For sharing structures not supported by the convenience arguments, the map can be constructed manually. In this example, we want:

  • Fleet 1 (logistic): a50 is sex-specific, but the slope is shared across sexes
  • Fleet 2 (gamma): all parameters are sex-specific

We start from est_all to get the correctly dimensioned parameter array, then overwrite the map. The parameter array fish_fixed_sel_pars has dimensions [n_regions, n_max_sel_pars, n_max_sel_blocks, n_sexes, n_fish_fleets] — in this example 1 × 2 × 1 × 2 × 2. The table below summarises the intended sharing structure before we implement it:

Fleet Parameter Female index Male index Shared?
1 a50 1 2 No
1 slope 3 3 Yes
2 amax 4 5 No
2 slope 6 7 No
input_list <- Setup_Mod_Fishsel_and_Q(
  input_list = input_list,
  cont_tv_fish_sel = c("none_Fleet_1", "none_Fleet_2"),
  fish_sel_blocks = c("none_Fleet_1", "none_Fleet_2"),
  fish_sel_model = c("logist1_Fleet_1", "gamma_Fleet_2"),
  fish_q_blocks = c("none_Fleet_1", "none_Fleet_2"),
  fish_q_spec = c("fix", "fix"),
  fish_fixed_sel_pars_spec = c("est_all", "est_all")  # start with all independent
)

# Extract the parameter array to use as a mapping template
map_fish_fixed_sel_pars <- input_list$par$fish_fixed_sel_pars

# Fleet 1 (logistic): a50 sex-specific, slope shared
map_fish_fixed_sel_pars[1, 1, 1, , 1] <- c(1, 2)  # a50: unique per sex
map_fish_fixed_sel_pars[1, 2, 1, , 1] <- c(3, 3)  # slope: same integer = shared

# Fleet 2 (gamma): all parameters sex-specific
map_fish_fixed_sel_pars[1, 1, 1, , 2] <- c(4, 5)  # amax: unique per sex
map_fish_fixed_sel_pars[1, 2, 1, , 2] <- c(6, 7)  # slope: unique per sex

# Flatten to a factor vector and assign to the map
input_list$map$fish_fixed_sel_pars <- factor(as.vector(map_fish_fixed_sel_pars))
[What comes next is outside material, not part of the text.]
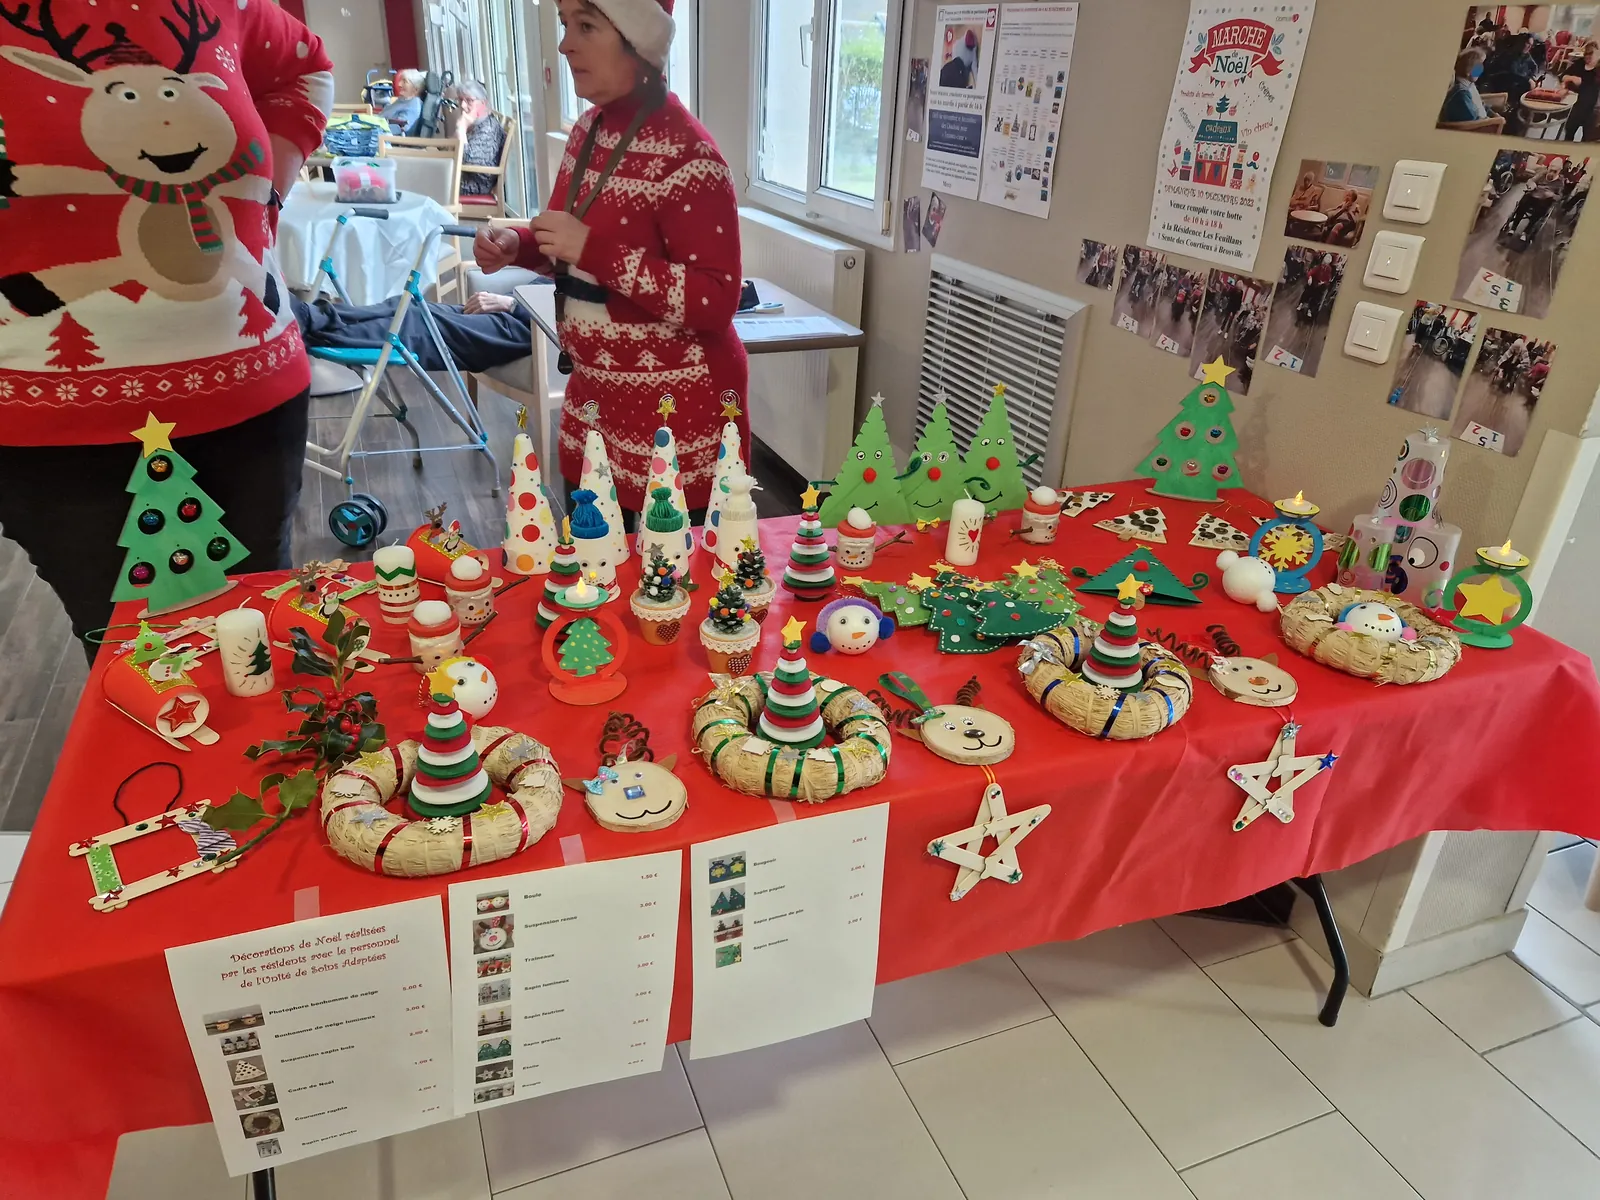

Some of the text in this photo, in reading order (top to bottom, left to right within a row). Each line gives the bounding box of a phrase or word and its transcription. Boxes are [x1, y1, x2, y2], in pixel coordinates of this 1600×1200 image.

# Inspect: 7 unique integers (slope for Fleet 1 appears twice with the same value)
input_list$map$fish_fixed_sel_pars
#> [1] 1 3 2 3 4 6 5 7
#> Levels: 1 2 3 4 5 6 7

This custom mapping approach gives full control over parameter sharing structures beyond what the high-level convenience arguments provide. The key principle is always the same: positions in the flattened map with the same integer are estimated as a single shared parameter, while NA positions are fixed at their value in input_list$par.